### Task prompt
Go through the entries and transcribe each one exactly, dropping the pictures.

(Saved entries)
_ _ _ _
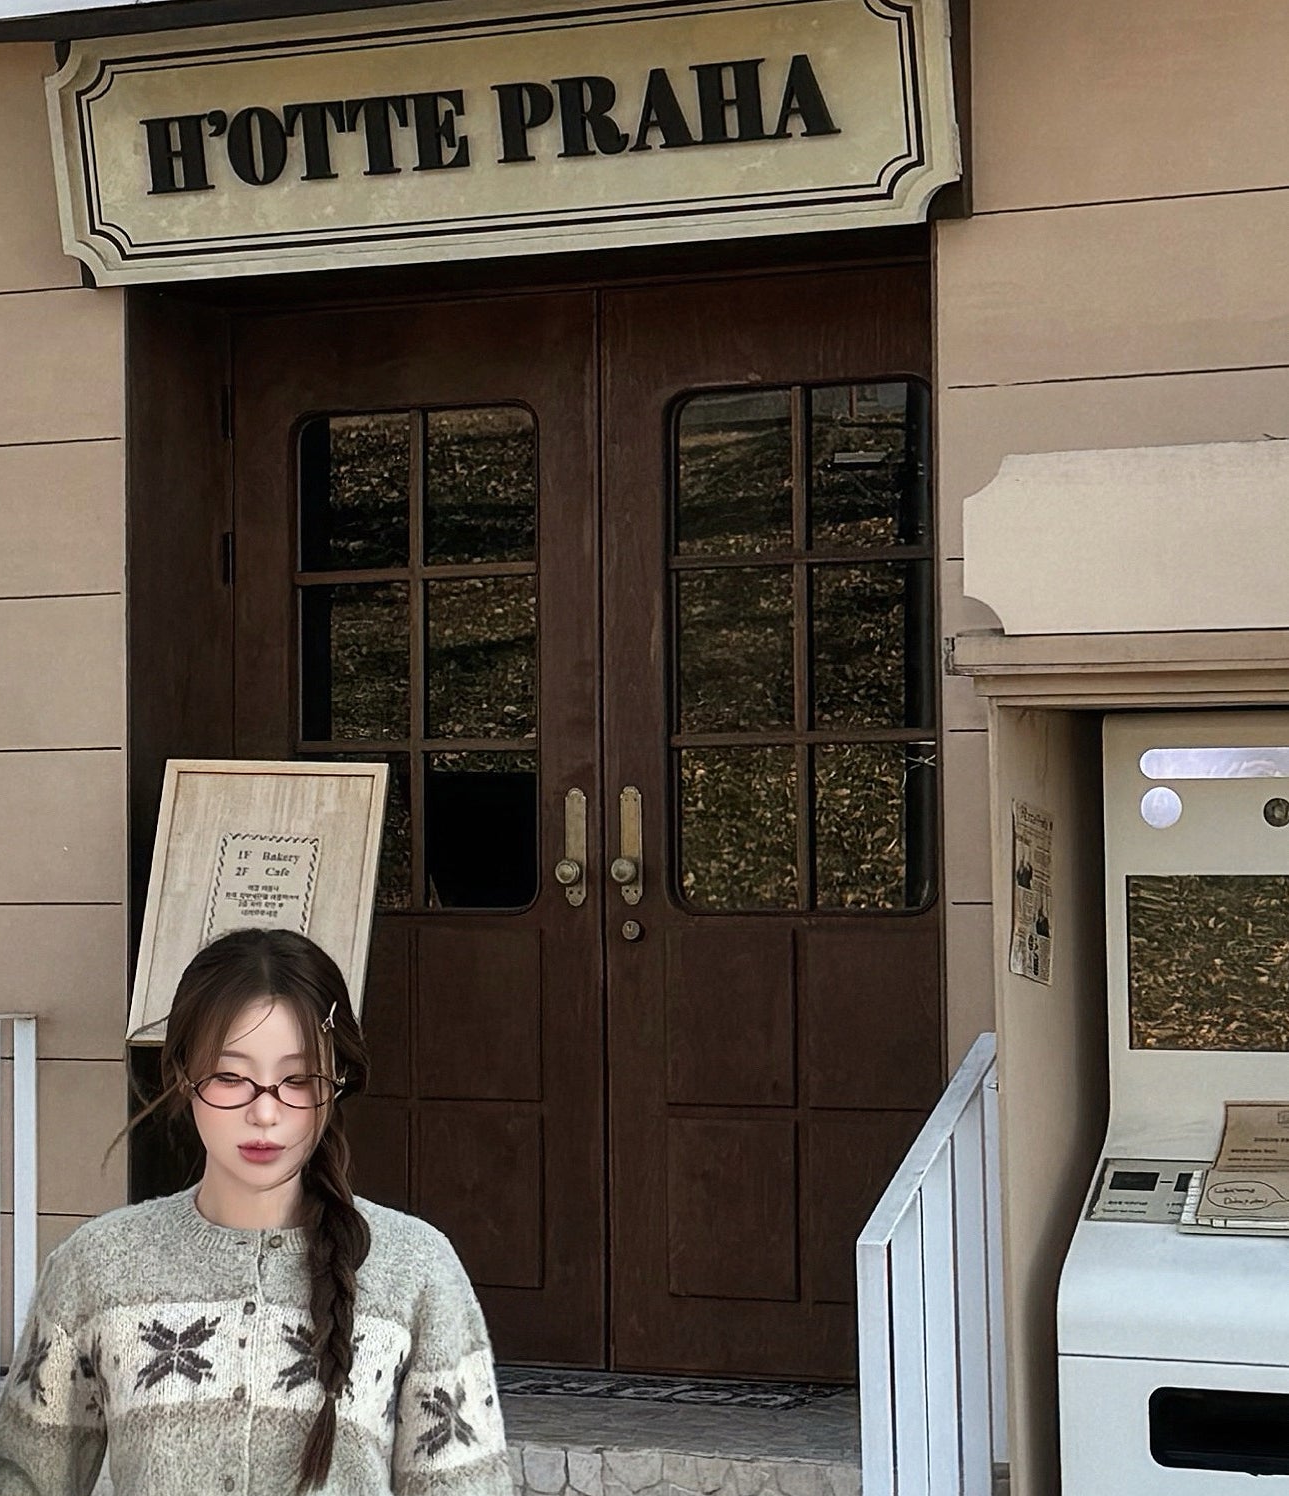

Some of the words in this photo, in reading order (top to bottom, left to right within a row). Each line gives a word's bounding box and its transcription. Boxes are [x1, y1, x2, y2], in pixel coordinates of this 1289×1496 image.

[138, 88, 470, 195] H'OTTE
[490, 54, 841, 164] PRAHA
[237, 850, 253, 860] 1F
[262, 851, 301, 865] Bakery
[235, 866, 250, 876] 2F
[265, 867, 291, 877] Cafe
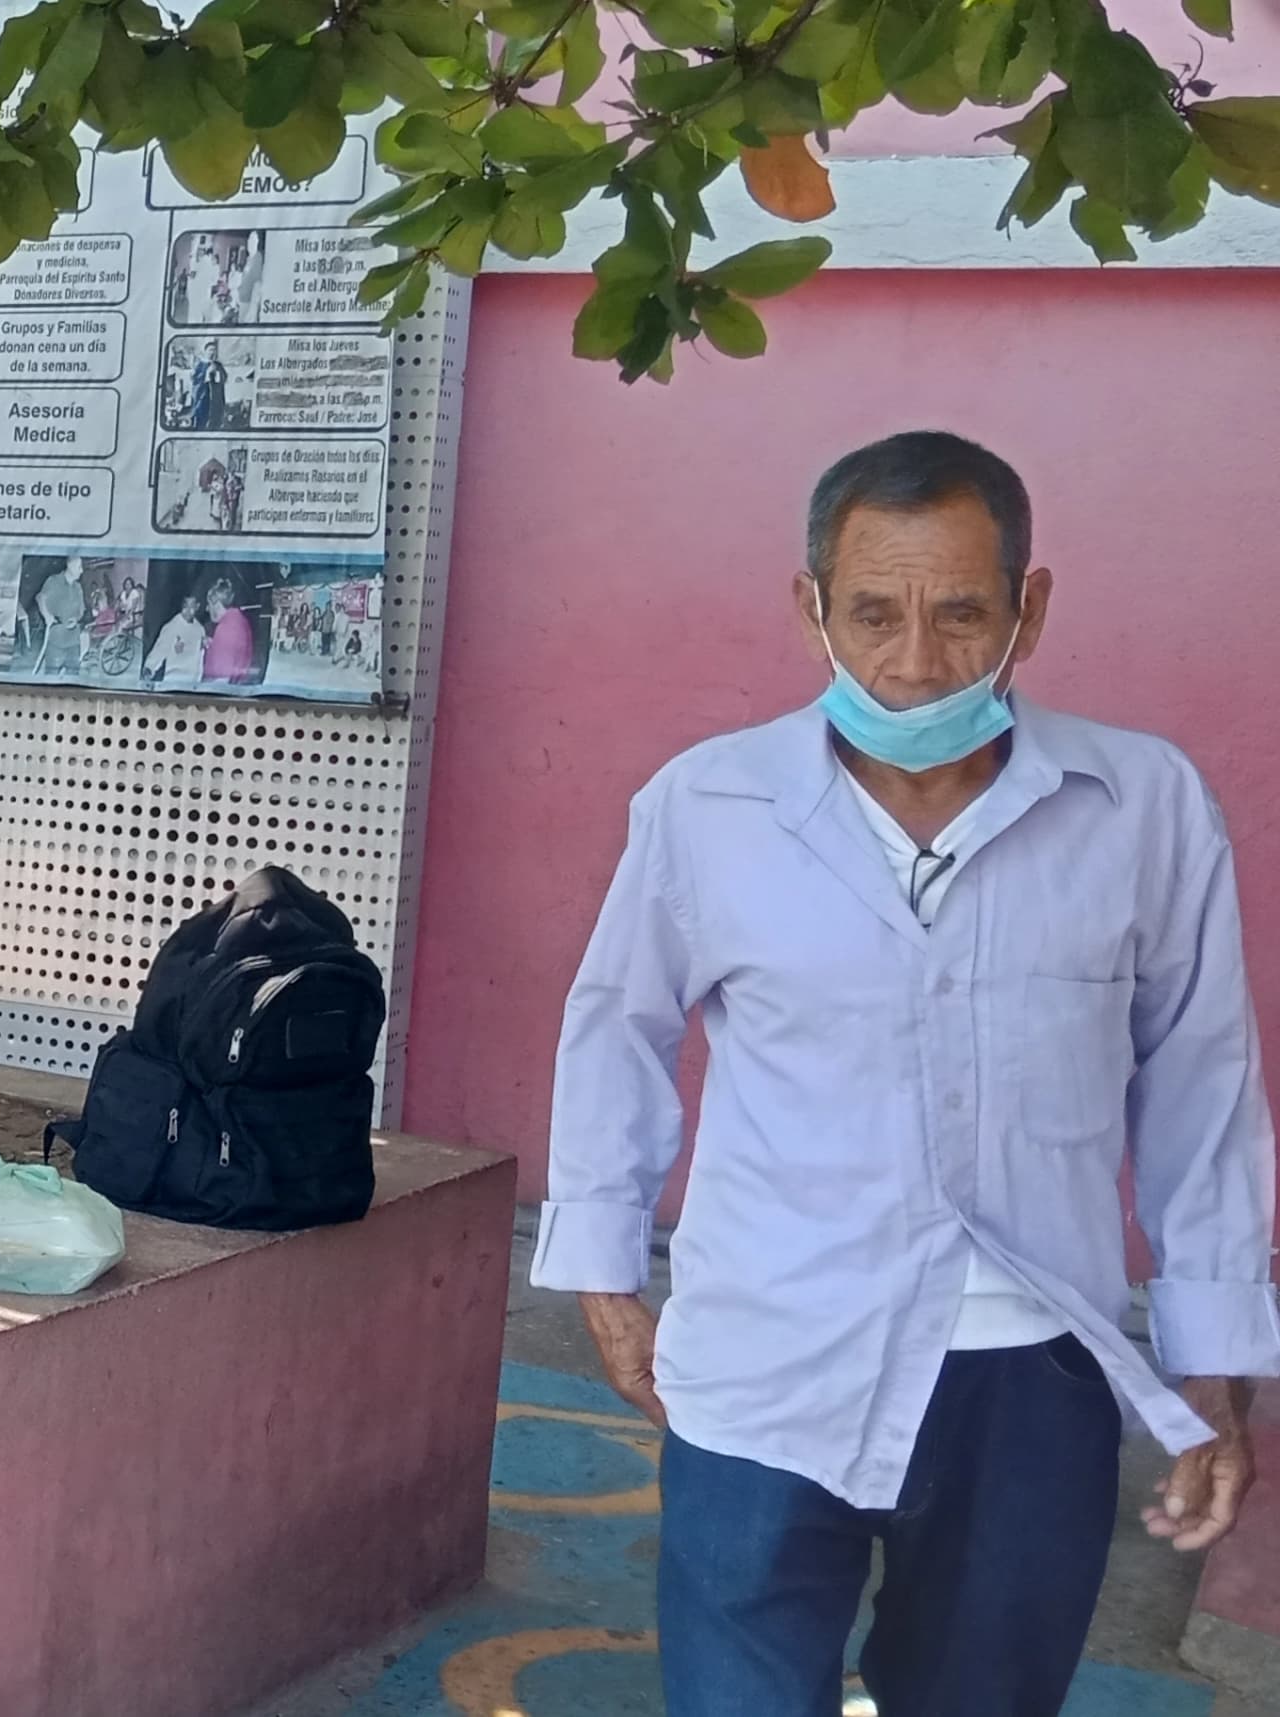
_ _ _ _
### Result for this exercise
Some of the words in this photo, in reading order (top to bottom, left to right within a row). Each line gives a word's bounding box and its transcription. Boxes are [x1, y1, x2, y2], in pixel coordinates of this 1289×1496 image.

[138, 88, 470, 195] H'OTTE
[490, 54, 841, 164] PRAHA
[237, 850, 253, 860] 1F
[262, 851, 301, 865] Bakery
[235, 866, 250, 876] 2F
[265, 867, 291, 877] Cafe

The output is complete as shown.